“There will be signs in the sun, the moon, and the stars, and on the earth distress among nations confused by the roaring of the sea and the waves. People will faint from fear and foreboding of what is coming upon the world, for the powers of the heavens will be shaken. Then they will see ‘the Son of Man coming in a cloud’ with power and great glory.
Now when these things begin to take place, stand up and raise your heads, because your redemption is drawing near.” “Be on guard so that your hearts are not weighed down with dissipation and drunkenness and the worries of this life, and that day catch you unexpectedly, like a trap. For it will come upon all who live on the face of the whole earth. Be alert at all times, praying that you may have the strength to escape all these things that will take place, and to stand before the Son of Man.”
New Revised Standard Version, copyright 1989, by the National Council of the Churches of Christ in the United States of America. Used by permission. All rights reserved. USCCB approved.
Reading this Gospel we might wonder: Wow, is this going to happen? When? It’s an awesome cosmic scenario!
With the previous liturgical year ending yesterday and the preparation for the birth of Jesus in Advent here, the focus will shift from the cosmic Christ to the baby Jesus. Jesus, fully human and fully divine is revealed.
But scripture scholars remind us that the debacles narrated in apocalyptic passages in Scripture refer to something more tangible: The Kingdom of God will bring the downfall of unjust, violent and sinful kingdoms. This baby about to born will change the world! Good triumphs over evil!

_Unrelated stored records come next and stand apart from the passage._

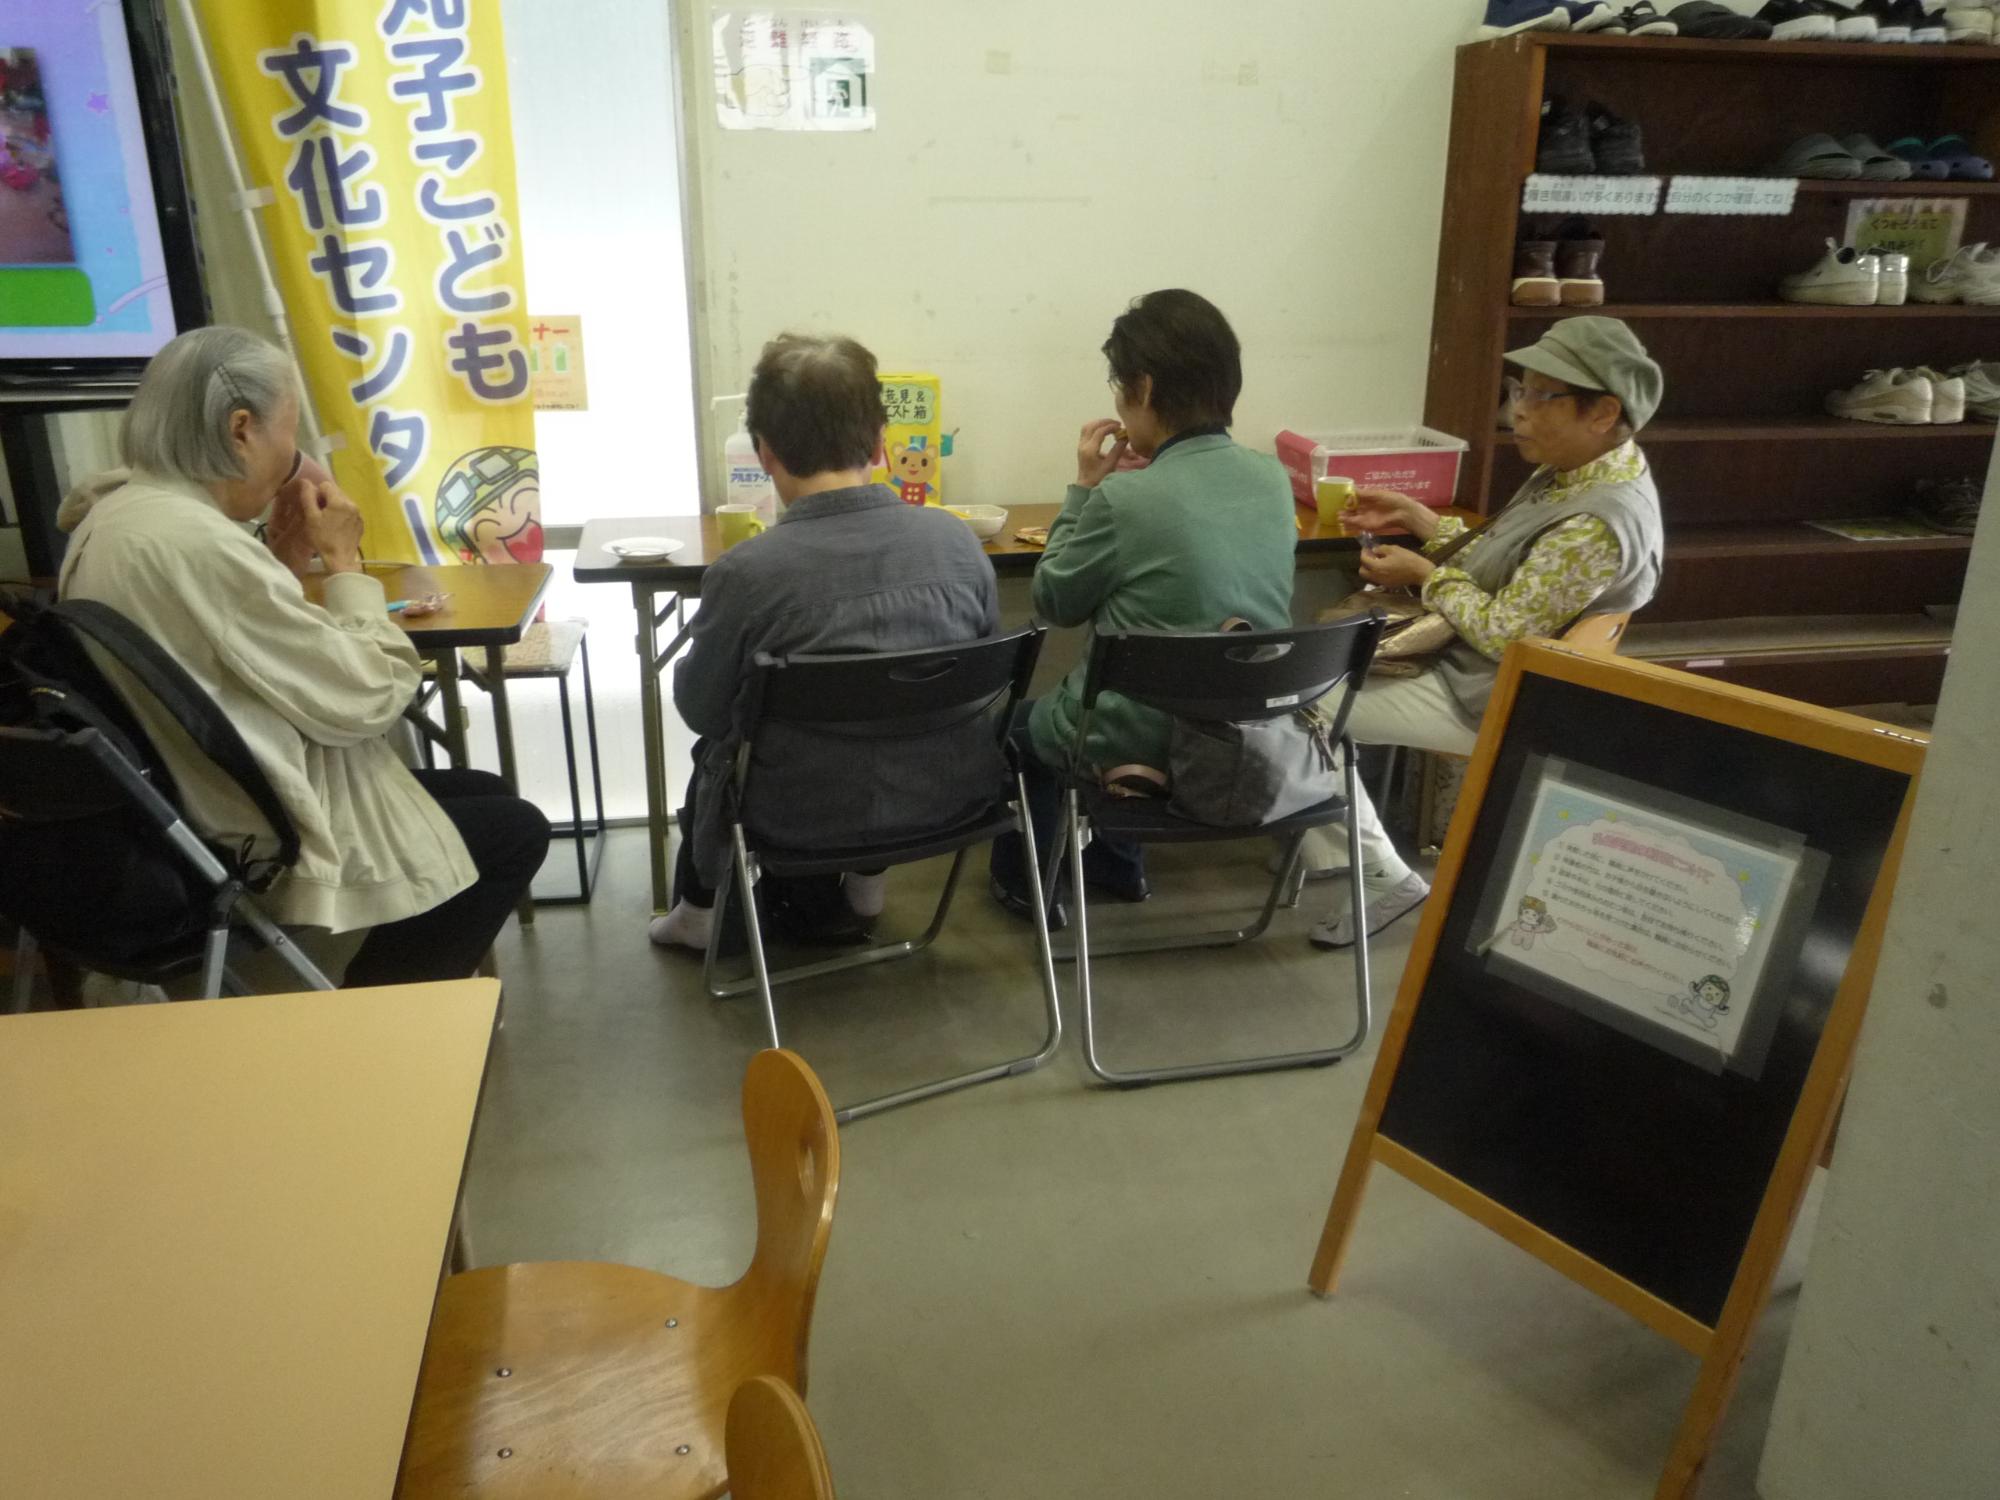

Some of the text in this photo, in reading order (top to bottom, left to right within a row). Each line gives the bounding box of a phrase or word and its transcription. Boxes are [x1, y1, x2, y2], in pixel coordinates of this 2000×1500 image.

[264, 38, 441, 566] 文化センター
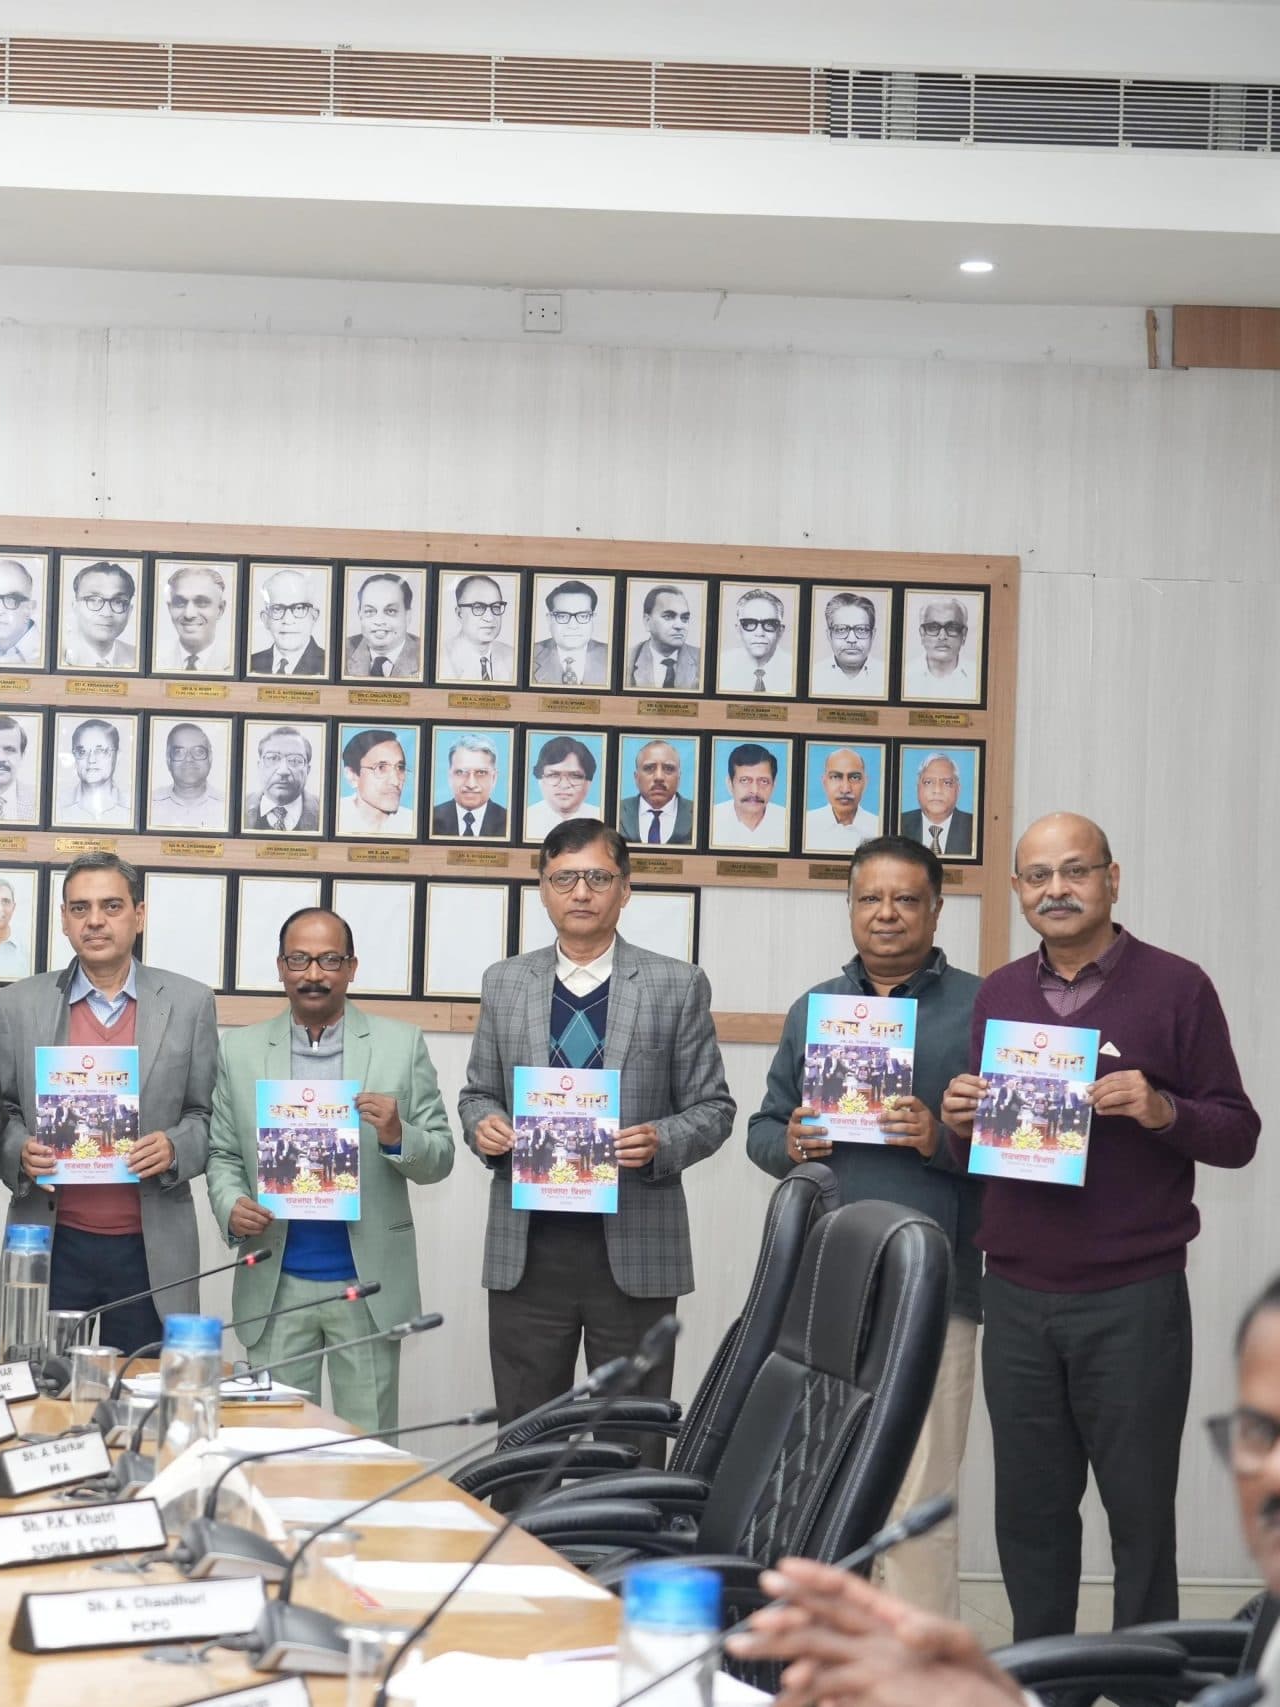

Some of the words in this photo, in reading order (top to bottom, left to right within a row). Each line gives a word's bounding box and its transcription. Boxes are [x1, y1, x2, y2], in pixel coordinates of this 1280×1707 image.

[22, 1450, 38, 1462] Sh.
[53, 1440, 86, 1455] Sarkar
[49, 1462, 70, 1475] PFA
[22, 1519, 41, 1533] Sh.
[47, 1515, 71, 1530] P.K.
[76, 1509, 116, 1526] Khatri
[32, 1541, 70, 1556] SDGM
[77, 1539, 85, 1551] &
[90, 1535, 119, 1551] CVO
[87, 1598, 108, 1612] Sh.
[133, 1592, 206, 1610] Chaudhuri
[130, 1619, 171, 1633] PCPO

Prior to kneeling at the manger, we must kneel before the cosmic Christ and take to heart that the kingdom’s fulfillment requires our fidelity and labor. Jesus warns that our hearts should not be weighed down with dissipation and the worries of this life.
What are my worries?
—Fr. Rafael Garcia, SJ, is a member of the Jesuits Central and Southern Province. He serves as associate pastor of Sacred Heart Parish in El Paso, Texas, where he ministers to people who are migrants and refugees.
Loving God, here I am! May I be an instrument of your love and service to others, especially to the marginalized persons I encounter. May my worries resemble yours. Amen.